In Tassel, people saw this version of me live, deep throating a mic, dragging myself across the stage covered in fake blood, wrapped in duct tape, with barbed wire around my cock like a chastity cage. It was honest, but it was like a ghost. An entity. This record, I killed off a certain kind of wickedness I’ve seen time and time again in my life, by saying, “this is for the fucking freaks.”

Feeling disgust and hatred, music fuses it into love, for the estranged. I hope people feel relief when they hear this shit, cause punk and rock n’ roll has always been the thing I went to sleep with. When you have no one, or you’re living in fear of losing your life, it’s that energy that drives the natural instinct to survive.

Were there any specific moments during the making of UNCAGED, a breakthrough, a challenge, or a revelation, that felt like the heart of the album for you?

Oh definitely. I lived so many life times while making this record. The first chunk was made in my empty apartment in Phoenix when I was completely alone and like I didn’t talk to hardly anyone, the life I had previously, which was killing me, was completely erased, people and all. I don’t mean loneliness as if it’s bad, to be clear. I was recording these songs then going out in the street to smoke cigarettes while I was mixing them down to one track by hand, turning knobs and shit, like making a dub record while people were just watching me from the end of the street while I’m mixing this record. 

I seriously didn’t think this record was going to come out, I was done with it so many times, just not interested. My spiritual path only progressed as I finished it, so who fucking knows. This probably sounds like some hippie shit, but I can assure you I’m anything but that. 

PUNISHMENT, I’ve never heard anything that harnesses the sound of domination so clearly. Not just physical and sexual, but when you’re poor and there’s people with money around you and you’re at their bidding, when you have nowhere to go, so you have to neglect yourself for someone else’s pleasure. 

When I first listened to it I had a vision of a kid, like Michael Myers in the Rob Zombie remake, just going insane in their bedroom with nothing in it realizing they’re queer, this kid just just sits in the same corner and stares at the ground in trance and intensity, cause mom’s working doubles at the grocery store and is never home. That’s PUNISHMENT. My records are for those kids.

Interview with Sam An:

Feral Crone Recordings launches with UNCAGED as its first release. What inspired you to create the label, and what kinds of artists or sounds do you hope to champion under its banner?

I’ve known for years that some of my motivation for building opportunities for myself as an artist was a part of a long term plan I’ve had to be able to connect and platform other artists in music and other mediums. 

I used to curate DIY art shows before starting Lana Del Rabies, and I have always been energized by connecting artists and musicians from scenes that normally wouldn’t interact. I like to do this a lot in my own work, whether it is for the promo materials Lana Del Rabies releases, or remix albums that pull together artists from completely different subcultures. 

Collaboration brings a lot of resources, perspectives and skills that underground art and artists need to survive, I think. Artists (especially musicians) tend to stay in their lanes of who they are around the most or who their most accessible audience is, which makes sense, but it doesn’t do anything for the culture.

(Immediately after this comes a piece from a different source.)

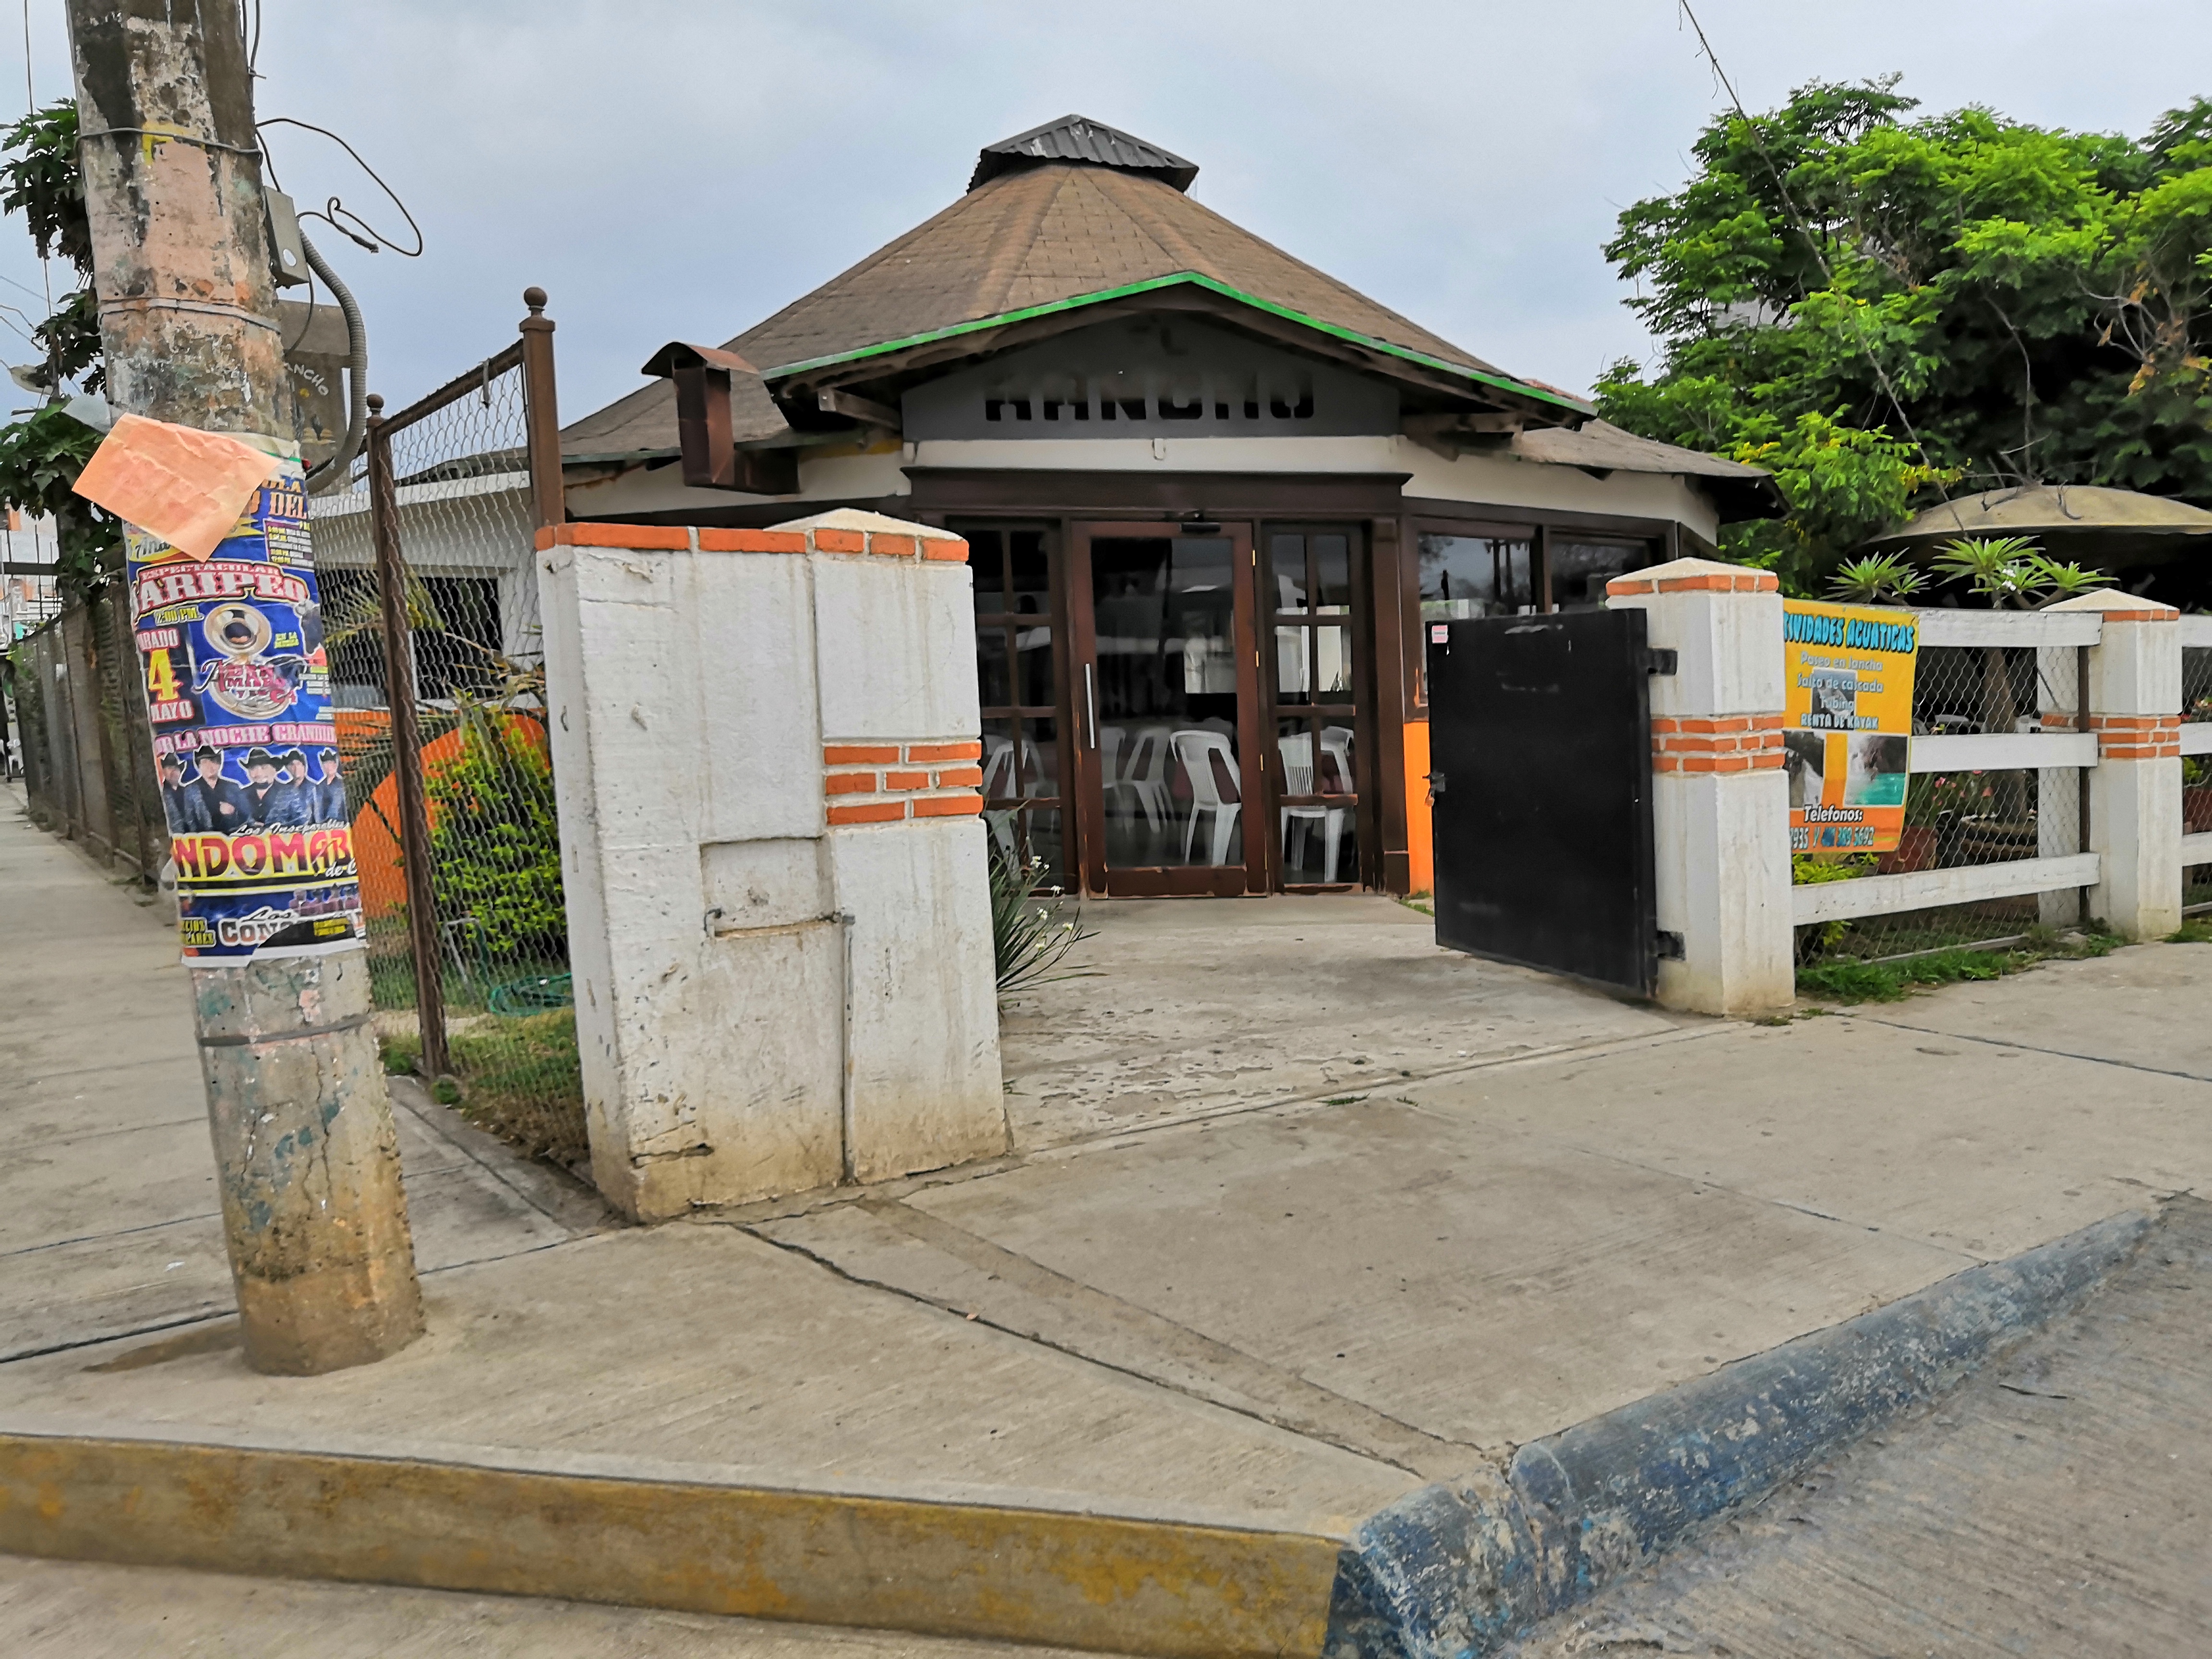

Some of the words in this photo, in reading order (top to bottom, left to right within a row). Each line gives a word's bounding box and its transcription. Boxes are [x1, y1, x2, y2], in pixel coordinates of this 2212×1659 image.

I do think in times where (especially in the USA) there is dwindling support for music/art that doesn’t exist solely as a product, and younger artists are struggling more, starting a label that prioritizes the conviction and quality of dark, risk-taking music and art over genre purity and internet aesthetic trends seems important. 

I also enjoy expanding the horizons of music fans, which I think is especially important now, given how risk-averse and algorithmic the music industry has become in the last five years or so. 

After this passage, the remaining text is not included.